I can imagine some technological advance that will basically make ECMO into a recreational product. I can't imagine HOW it could be done. But that's sort of the point of leaps in technology that earlier generations would have considered magic.

On the other hand, I can't imagine ANY technological advance that would let you put six liters of anything into less than six liters of physical space.
 
I wonder.......does this ship threw Scotland maybe ?:eek:
 
I could see electrolysis on a scuba scale becoming a reality sometime in next 20 years. As battery tech gets better with all the development in electric cars, maybe a power source with enough energy density could be implemented at least for fresh water. Pull in water, split into H2 and O and then discharge H2 with exhaling breath.
 
I could see electrolysis on a scuba scale becoming a reality sometime in next 20 years. As battery tech gets better with all the development in electric cars, maybe a power source with enough energy density could be implemented at least for fresh water. Pull in water, split into H2 and O and then discharge H2 with exhaling breath.

That's not how fish do it. You would still need to make up tidal volume. Lungs are old technology.

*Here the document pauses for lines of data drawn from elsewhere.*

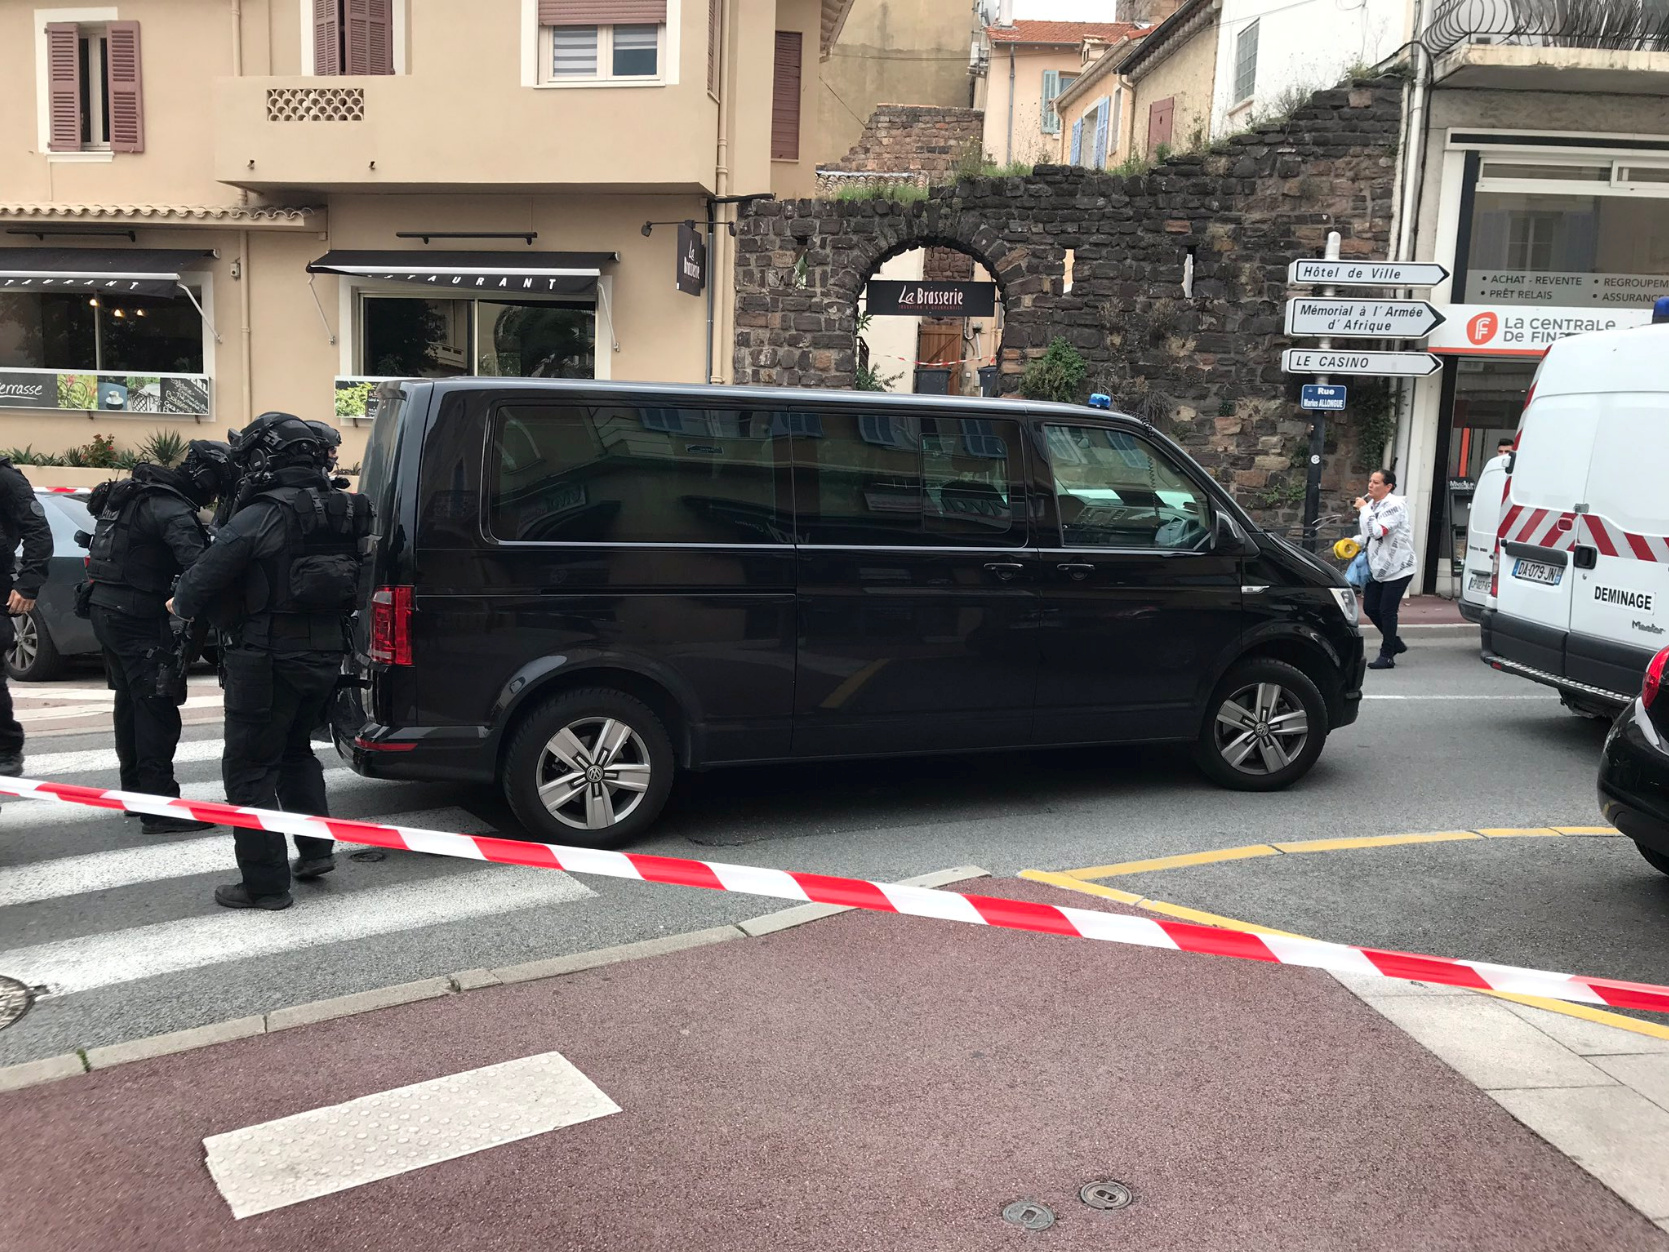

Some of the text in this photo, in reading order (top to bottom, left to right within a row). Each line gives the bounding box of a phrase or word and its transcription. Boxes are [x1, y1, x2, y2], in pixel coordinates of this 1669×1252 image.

[1303, 266, 1401, 280] Hôtel de Ville
[1490, 274, 1526, 284] ACHAT
[1535, 276, 1583, 286] REVENTE
[898, 284, 964, 305] La Brasserie
[1489, 287, 1553, 300] PRÊT RELAIS
[1602, 292, 1667, 303] ASSURANC
[1299, 304, 1353, 316] Mémorial
[1359, 306, 1366, 317] à
[1296, 355, 1369, 369] LE CASINO
[0, 382, 43, 396] errasse
[1317, 387, 1335, 396] Rue
[1517, 562, 1557, 582] DA-079-JN
[1594, 585, 1652, 611] DEMINAGE
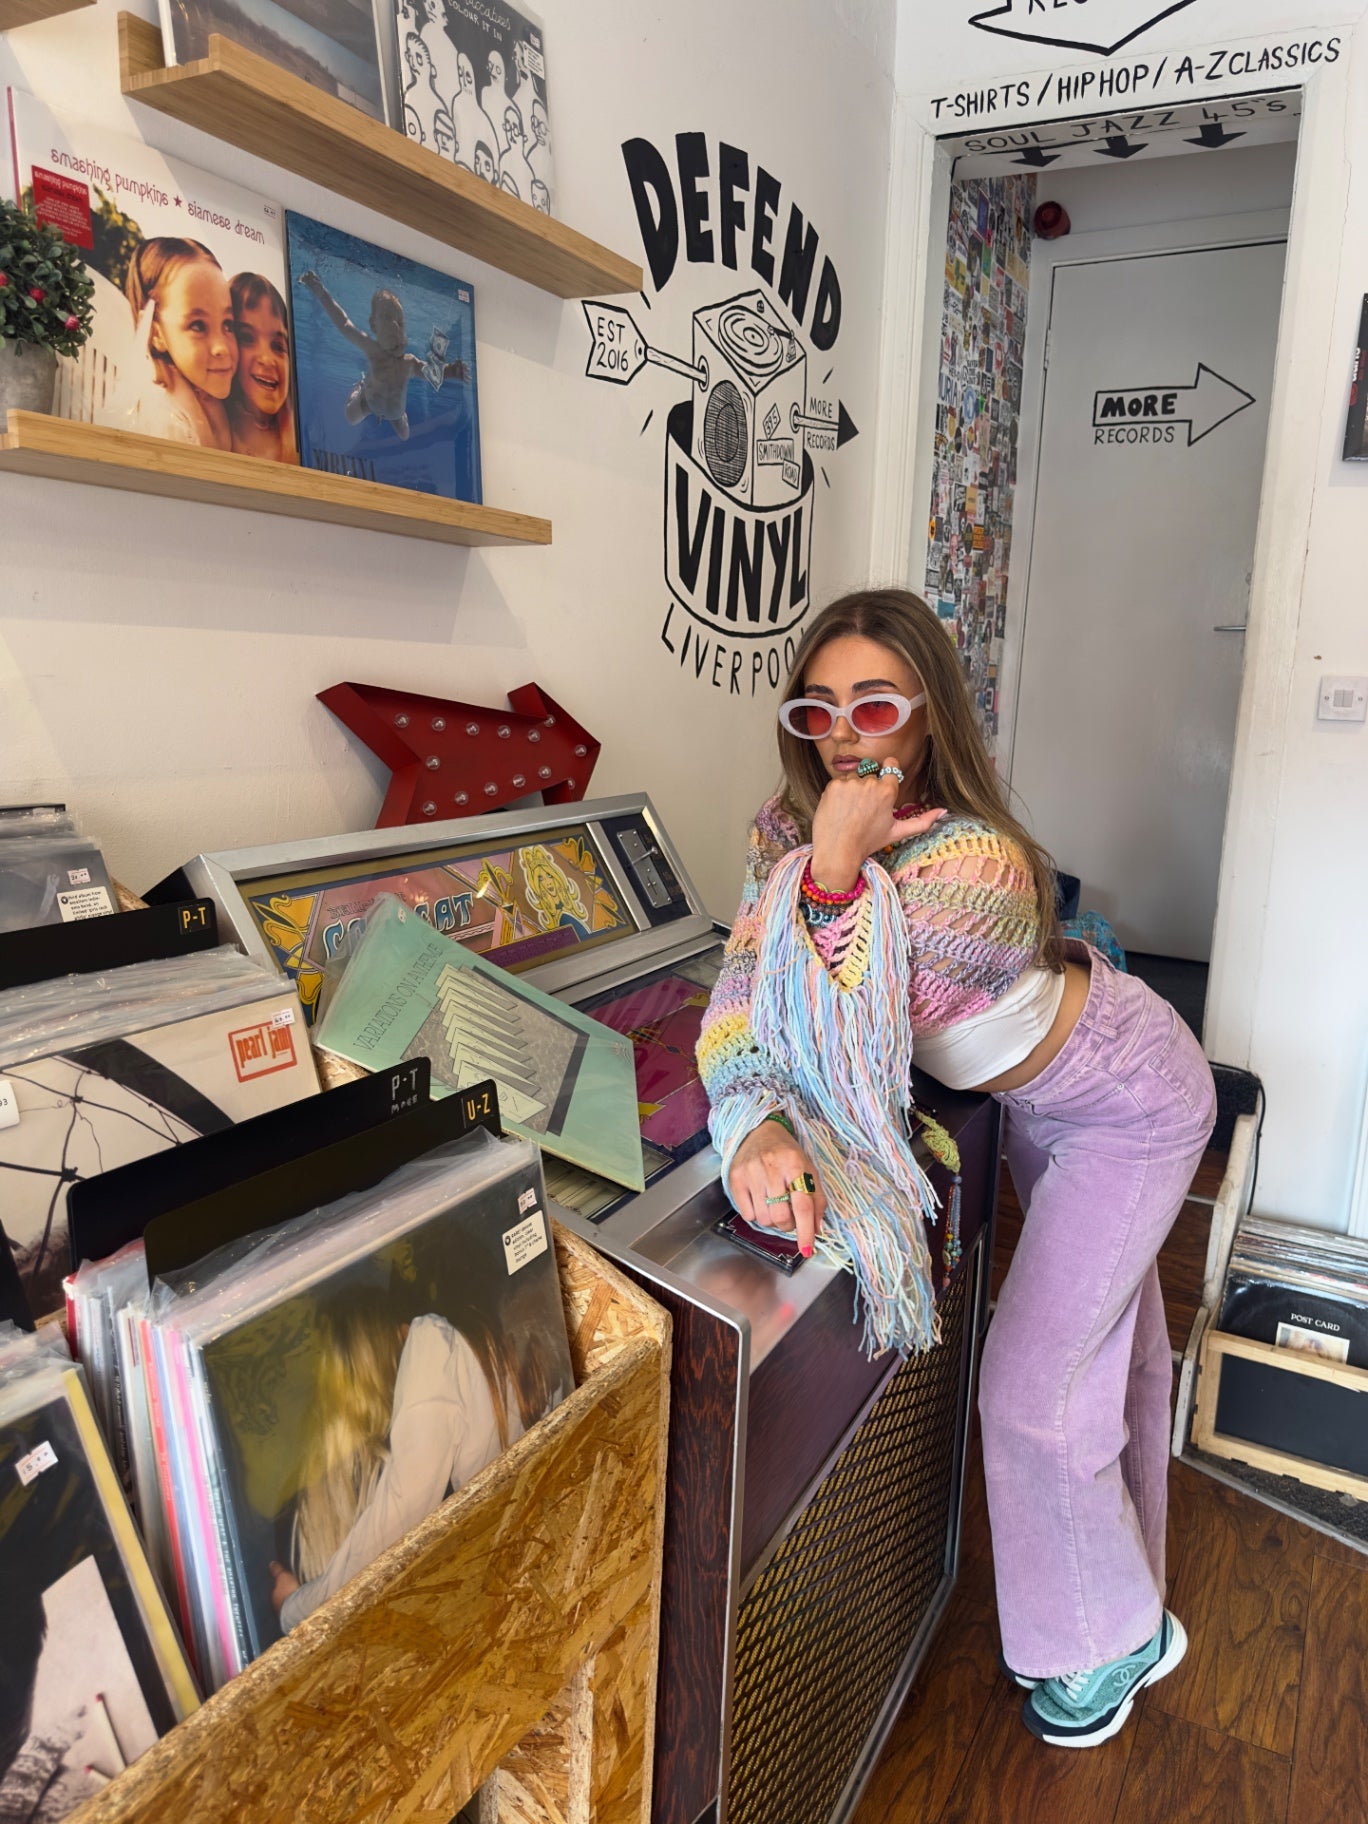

I'm betting on some clever body modification procedure that will have us all posting in the ECMO subforum in ten years. "Hey, check out my new Shearwater AV Fistula! Sure is better than those old ScubaPro catheters that I used to dive with..."
 
Since its’ introduction in the 1965 movie Thunderball, I’ve been waiting for James Bond’s “Mini-B” scuba system, (the tiny SCUBA unit that could fit inside of a cigar tube), to arrive on the commercial market. Thus far I’ve been waiting in vain. It would be a bit ironic if the SPECTRE or SMERSH Brain Bucket CCR made it to the market first.